Like many, he's started an IndieGogo crowdfunding page in hopes of staying afloat. Any additional funding beyond the $40,000 will go towards P.S.'s advertising budget, as well as event planning, a website overhaul, and updates to the shop's layout and window displays. For the past two-and-a-half years, Gans has also been exploring the option of opening a mini-cafe in the front of his bookstore, as a way to increase foot traffic and give shoppers any excuse to linger.

Gans said in a statement on the IndieGogo page:

P.S. Bookshop is my labor of love.... However, the shop has yet to secure my children's future. This was never a get-rich-fast plan. Surviving in Dumbo for the past nine years hasn’t been easy. Many businesses around me didn't cut it.

The bookstore, which was further north on Front Street for many years before relocating to its current home on Front and Washington, boasts an inventory that reflects the interests of the neighborhood: architecture and design are big, as is fashion and photography. Gans also hosts a popular weekly story time for kids (from the website: "COVERING TOPICS SUCH AS: WHAT’S OUR FAVORITE FOOD? HOW DO WE FEEL ABOUT GOING TO BED ON TIME? YOUNGER SIBLINGS - ARE THEY NECESSARY? ARE WE POTTY TRAINED OR NOT YET?"), and juggles three different kiddy music classes.

Emma Whitford/Gothamist

This afternoon, sitting in one of the oversized armchairs clustered near the front of his shop, Gans explained that, ironically, this past year has been his most successful yet. As more and more tourists pass through, he's supplemented book sales with popular magnets, postcards and mints. In fact, 2014 was the first year he was able to go on vacation with his family. He's recently expanded his staff, and stopped working seven days a week.

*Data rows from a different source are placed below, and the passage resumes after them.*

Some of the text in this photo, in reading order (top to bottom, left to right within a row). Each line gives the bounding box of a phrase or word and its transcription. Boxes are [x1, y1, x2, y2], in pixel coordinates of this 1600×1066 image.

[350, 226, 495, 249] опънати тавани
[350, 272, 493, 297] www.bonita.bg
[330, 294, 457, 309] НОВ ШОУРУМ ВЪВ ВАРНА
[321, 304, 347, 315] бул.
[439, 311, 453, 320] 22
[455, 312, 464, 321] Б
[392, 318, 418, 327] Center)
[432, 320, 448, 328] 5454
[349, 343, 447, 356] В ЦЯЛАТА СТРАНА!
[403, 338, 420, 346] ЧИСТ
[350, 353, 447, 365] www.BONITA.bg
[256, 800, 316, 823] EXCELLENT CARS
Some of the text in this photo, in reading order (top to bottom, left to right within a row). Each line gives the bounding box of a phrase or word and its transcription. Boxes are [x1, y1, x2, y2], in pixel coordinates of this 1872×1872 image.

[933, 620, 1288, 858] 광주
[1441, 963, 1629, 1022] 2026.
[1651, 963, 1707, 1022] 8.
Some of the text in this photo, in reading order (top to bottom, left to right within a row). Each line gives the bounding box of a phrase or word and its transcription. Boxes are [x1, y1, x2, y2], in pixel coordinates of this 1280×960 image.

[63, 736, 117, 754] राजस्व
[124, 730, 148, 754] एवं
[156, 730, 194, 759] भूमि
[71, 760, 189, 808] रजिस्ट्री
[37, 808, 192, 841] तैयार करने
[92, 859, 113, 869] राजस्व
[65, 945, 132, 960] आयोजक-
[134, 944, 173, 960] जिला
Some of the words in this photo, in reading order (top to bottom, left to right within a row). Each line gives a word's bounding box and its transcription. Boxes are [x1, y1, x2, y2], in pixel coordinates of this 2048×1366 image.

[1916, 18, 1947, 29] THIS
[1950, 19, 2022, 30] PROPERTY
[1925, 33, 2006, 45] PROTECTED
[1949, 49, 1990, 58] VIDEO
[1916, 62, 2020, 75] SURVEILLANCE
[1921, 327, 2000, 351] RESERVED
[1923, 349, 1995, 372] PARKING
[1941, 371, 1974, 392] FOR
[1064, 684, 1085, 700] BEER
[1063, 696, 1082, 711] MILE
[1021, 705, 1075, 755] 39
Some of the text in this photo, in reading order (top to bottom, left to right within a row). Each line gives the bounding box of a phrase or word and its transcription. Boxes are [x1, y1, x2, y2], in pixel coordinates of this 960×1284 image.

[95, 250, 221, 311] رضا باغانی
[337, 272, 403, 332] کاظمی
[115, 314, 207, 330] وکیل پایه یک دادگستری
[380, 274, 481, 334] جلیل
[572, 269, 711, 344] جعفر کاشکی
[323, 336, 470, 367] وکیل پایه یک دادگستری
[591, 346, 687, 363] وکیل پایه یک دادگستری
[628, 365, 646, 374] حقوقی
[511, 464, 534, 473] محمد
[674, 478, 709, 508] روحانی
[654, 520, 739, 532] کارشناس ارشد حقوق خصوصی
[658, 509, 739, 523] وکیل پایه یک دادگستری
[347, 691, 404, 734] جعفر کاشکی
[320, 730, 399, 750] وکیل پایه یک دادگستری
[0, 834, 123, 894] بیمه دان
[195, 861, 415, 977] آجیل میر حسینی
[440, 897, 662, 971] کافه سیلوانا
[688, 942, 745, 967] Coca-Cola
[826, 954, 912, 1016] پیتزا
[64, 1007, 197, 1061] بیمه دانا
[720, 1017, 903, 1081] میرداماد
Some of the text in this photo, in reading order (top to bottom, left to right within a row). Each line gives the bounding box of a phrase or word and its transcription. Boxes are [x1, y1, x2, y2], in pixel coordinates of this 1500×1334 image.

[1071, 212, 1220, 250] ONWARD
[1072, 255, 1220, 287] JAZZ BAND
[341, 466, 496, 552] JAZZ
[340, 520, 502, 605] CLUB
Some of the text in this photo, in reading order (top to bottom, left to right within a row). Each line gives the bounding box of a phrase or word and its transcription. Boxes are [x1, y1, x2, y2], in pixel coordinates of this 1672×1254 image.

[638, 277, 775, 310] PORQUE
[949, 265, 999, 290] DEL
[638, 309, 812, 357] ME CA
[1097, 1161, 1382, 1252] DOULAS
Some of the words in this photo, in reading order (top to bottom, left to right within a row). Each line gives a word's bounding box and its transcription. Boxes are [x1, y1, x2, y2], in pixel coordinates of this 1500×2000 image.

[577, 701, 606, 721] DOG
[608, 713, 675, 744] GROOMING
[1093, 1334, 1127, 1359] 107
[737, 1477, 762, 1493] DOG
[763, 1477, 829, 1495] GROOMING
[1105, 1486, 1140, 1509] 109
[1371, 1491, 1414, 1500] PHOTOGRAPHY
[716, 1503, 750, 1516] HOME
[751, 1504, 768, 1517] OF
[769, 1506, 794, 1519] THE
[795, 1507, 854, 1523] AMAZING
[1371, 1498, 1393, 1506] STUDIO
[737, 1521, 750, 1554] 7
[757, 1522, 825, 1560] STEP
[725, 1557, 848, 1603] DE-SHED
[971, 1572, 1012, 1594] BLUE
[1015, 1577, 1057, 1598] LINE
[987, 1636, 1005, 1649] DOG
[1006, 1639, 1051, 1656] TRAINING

Which makes this new development all the more painful.

While many independent bookstores have found a successful niche in hosting events with high-profile authors, Gans insists that he's "not up on the New York Times Best Seller List." Instead, he's passionate about the physicality of books—he believes that the experience of gripping a sturdy hardcover is one that's still worth paying for. "When photography was invented, painting didn't die," he argues. "When television was invented, movies didn't die."

Books, Gans says, are romantic objects—content aside, there's something fundamentally sentimental about them. "The other day, a woman came in with a paperback copy of her favorite Normal Mailer," he told us. "I had a hardcover of the same book, for $20. She was unsure if she wanted to buy it, since she already has a copy. I said, Look at the spine. How does it make you feel? Does it give you comfort?" Gans reports that, after that speech, "She went for it."

In the first nine days of his campaign, Gans has made $5,959 of his $40,000 goal. If he doesn't reach the mark by the time 30 days are up, he stresses that he's still hoping to remain open by any means possible. In DUMBO, Gans says, "It's not just about winning your lease. It's about keeping it."

Two Trees spokesman Dave Lombino said in a statement this afternoon, “The owner has not raised this issue with us, but we would be more than willing to work with P.S. Bookshop to reach a creative solution to ensure that he can cover what is owed in taxes and remain in the space.”